- [Exercise requirements] Please give back each line of the material unchanged, but without the images.

- [Information shown]
+ + +

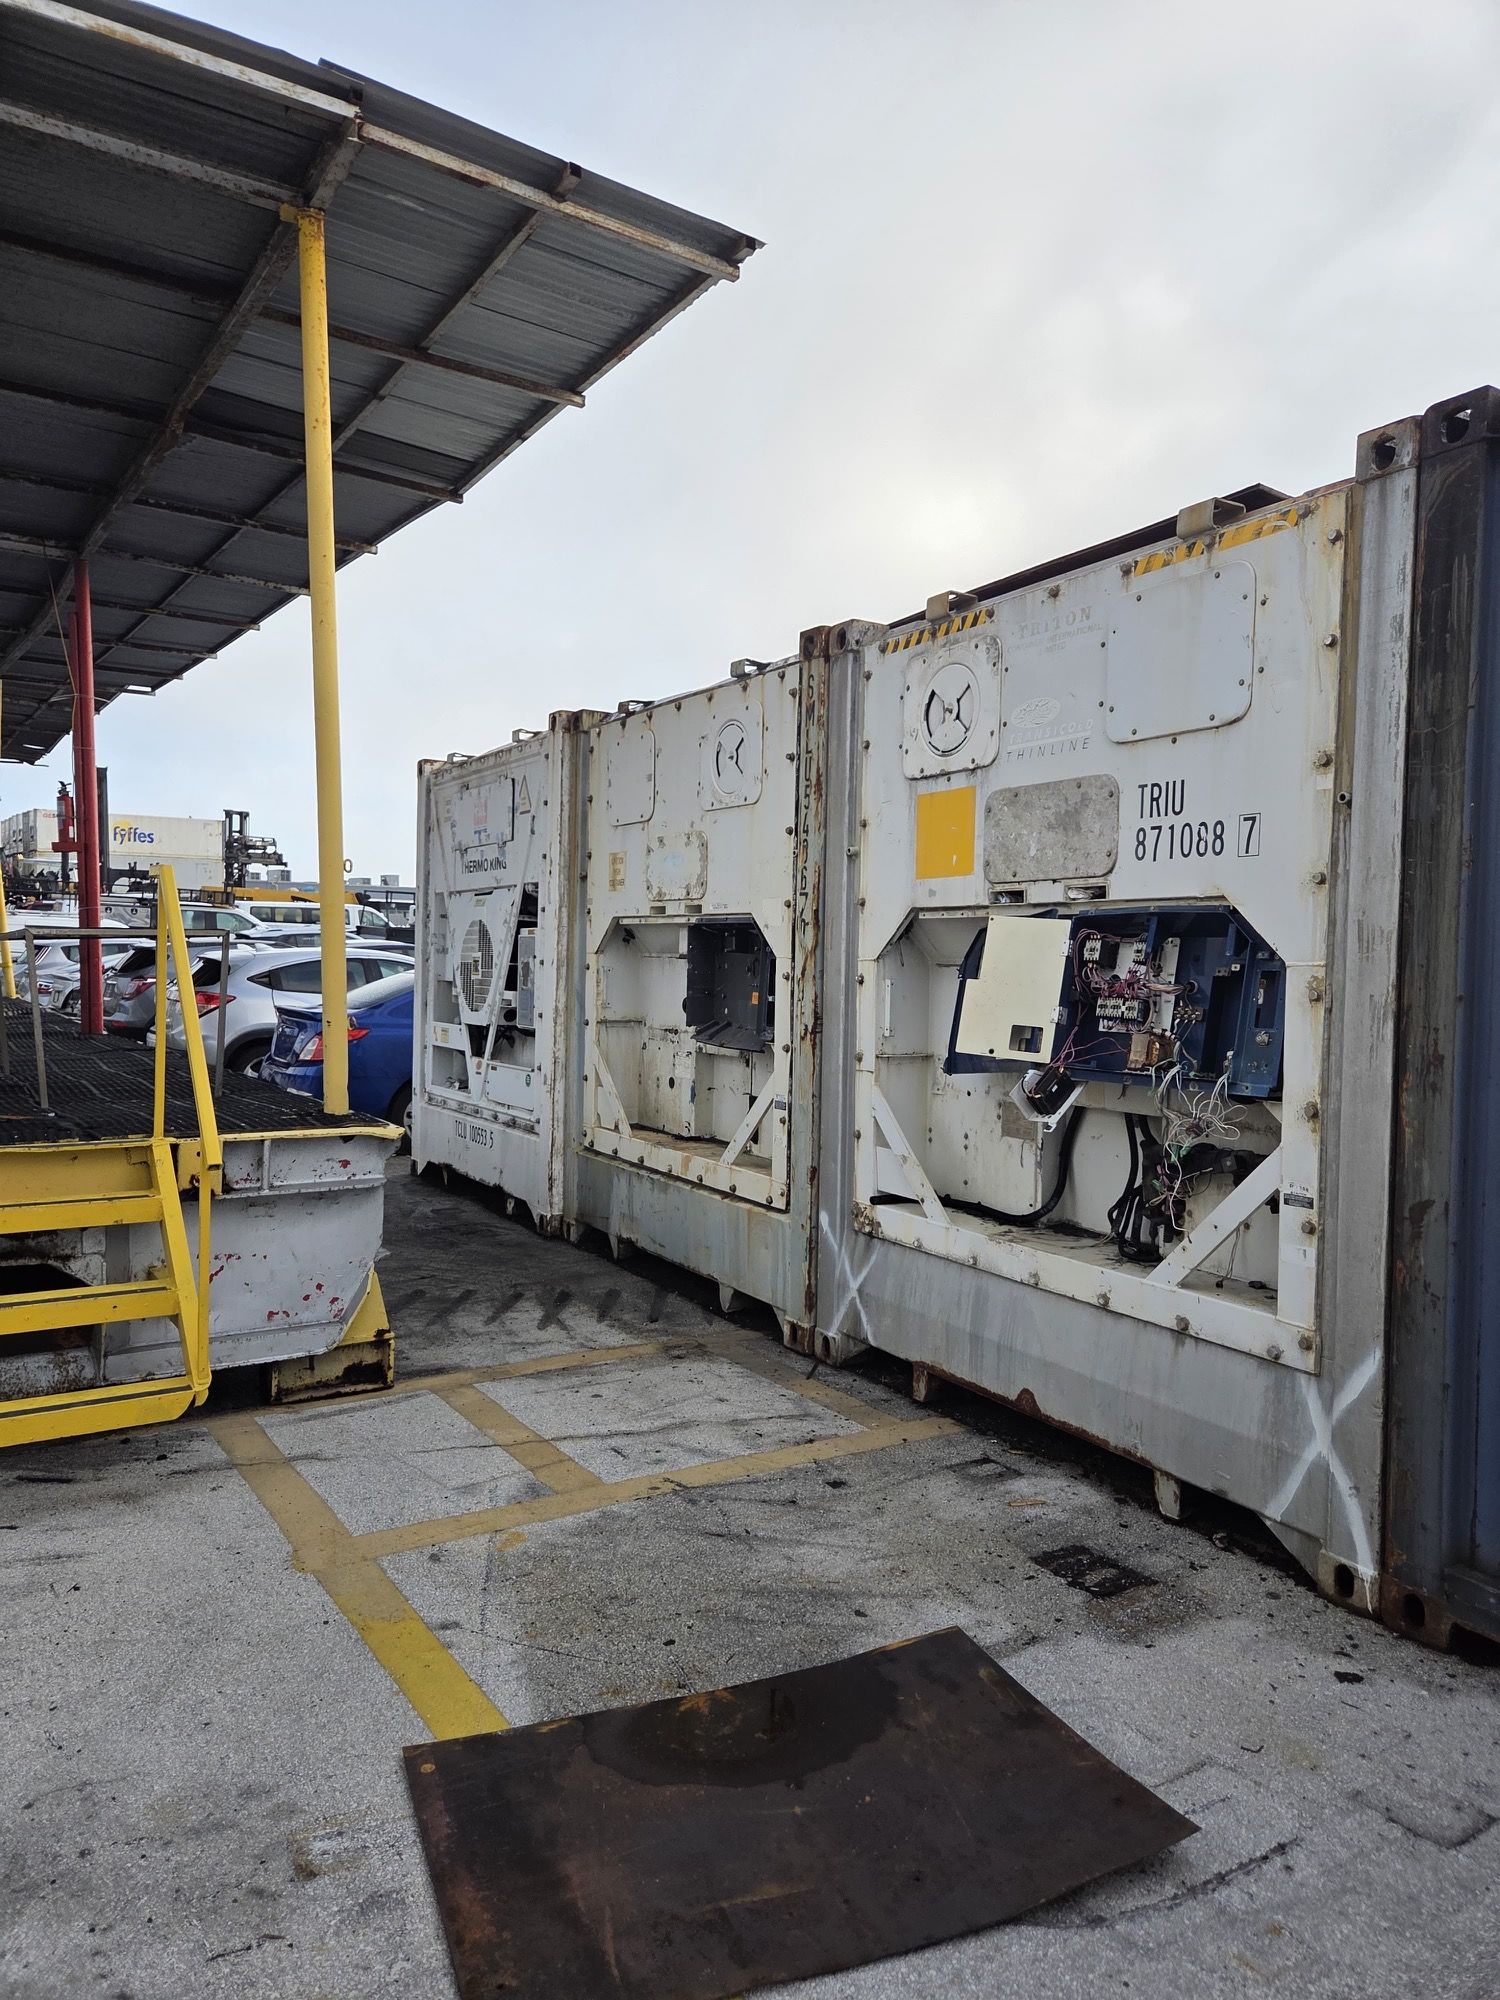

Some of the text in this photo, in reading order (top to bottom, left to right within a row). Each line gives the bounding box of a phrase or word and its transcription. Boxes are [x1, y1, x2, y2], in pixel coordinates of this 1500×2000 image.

[1006, 737, 1090, 762] THINLINE
[1137, 779, 1185, 819] TRIU
[113, 826, 155, 845] fyffes
[1134, 815, 1258, 862] 871088 7
[461, 856, 507, 874] THERMO KING
[489, 1131, 494, 1149] 5
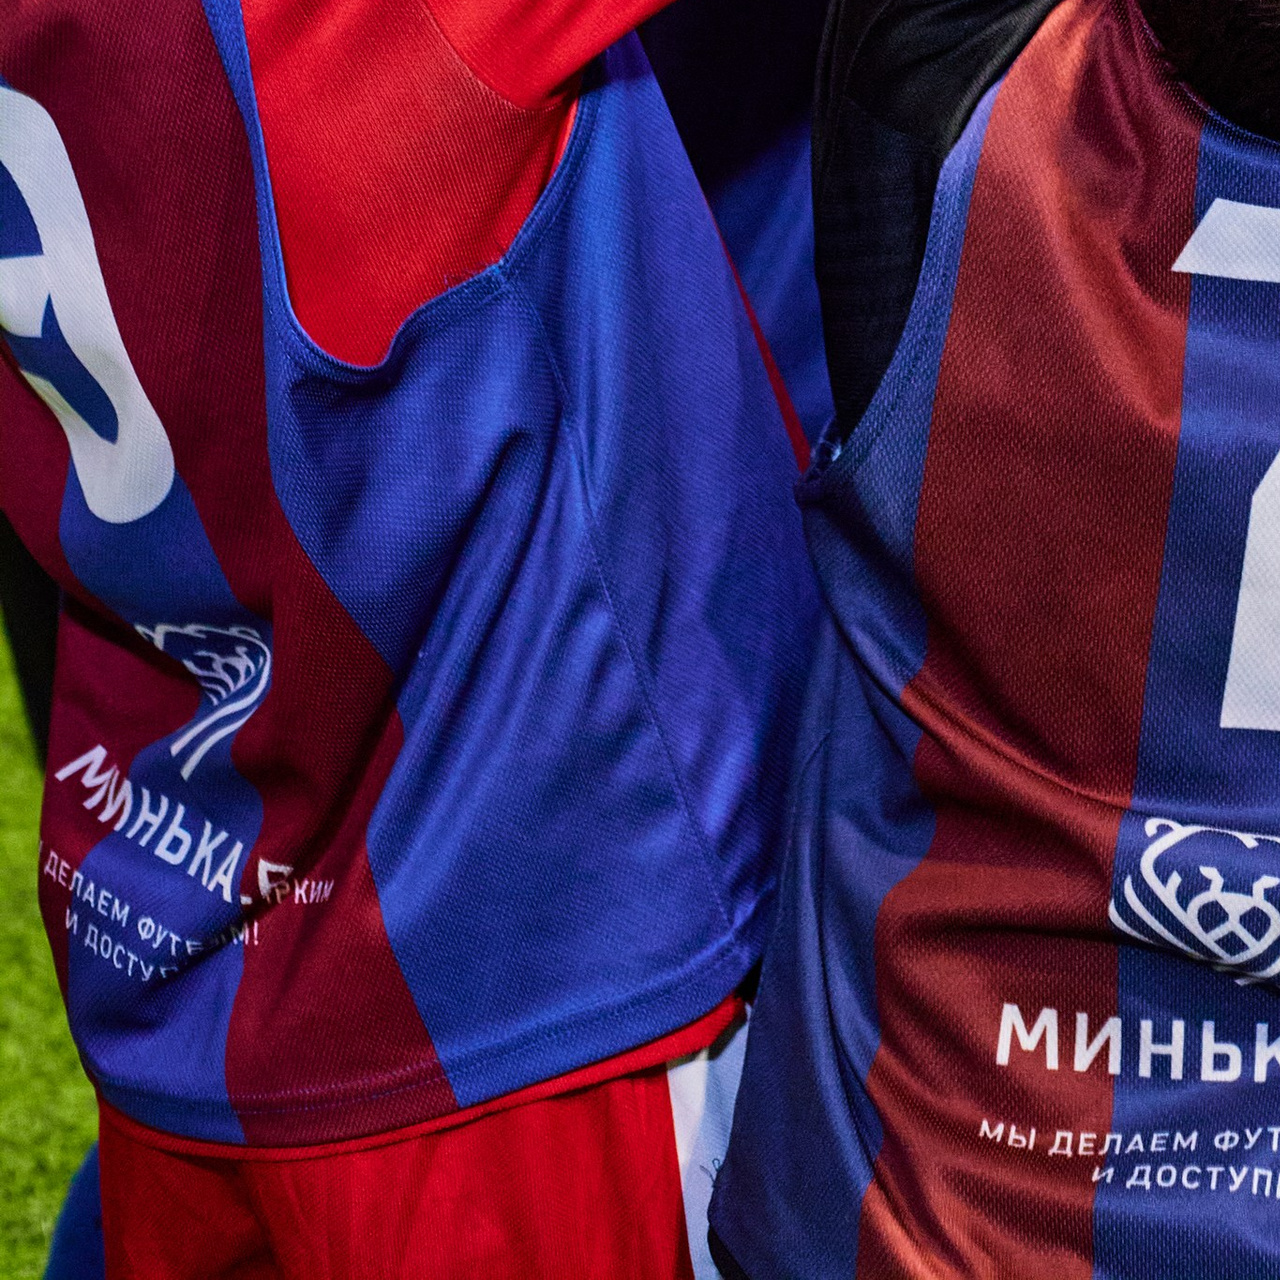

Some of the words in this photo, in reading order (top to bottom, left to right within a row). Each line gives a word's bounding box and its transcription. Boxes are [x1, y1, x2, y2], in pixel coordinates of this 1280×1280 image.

[44, 851, 131, 927] ДЕЛАЕМ
[65, 908, 79, 935] И
[978, 1118, 1036, 1151] МЫ
[1047, 1130, 1199, 1158] ДЕЛАЕМ
[1091, 1167, 1115, 1185] И

+ + +

- [Response to the exercise]
Some of the text in this photo, in reading order (top to bottom, left to right within a row). Each line gives the bounding box of a phrase or word and its transcription. Boxes are [x1, y1, x2, y2], in pixel coordinates of this 1500×2000 image.

[1006, 737, 1090, 762] THINLINE
[1137, 779, 1185, 819] TRIU
[113, 826, 155, 845] fyffes
[1134, 815, 1258, 862] 871088 7
[461, 856, 507, 874] THERMO KING
[489, 1131, 494, 1149] 5

Some of the words in this photo, in reading order (top to bottom, left to right within a row). Each line gives a word's bounding box and its transcription. Boxes are [x1, y1, x2, y2], in pixel coordinates of this 1280×1280 image.

[44, 851, 131, 927] ДЕЛАЕМ
[65, 908, 79, 935] И
[978, 1118, 1036, 1151] МЫ
[1047, 1130, 1199, 1158] ДЕЛАЕМ
[1091, 1167, 1115, 1185] И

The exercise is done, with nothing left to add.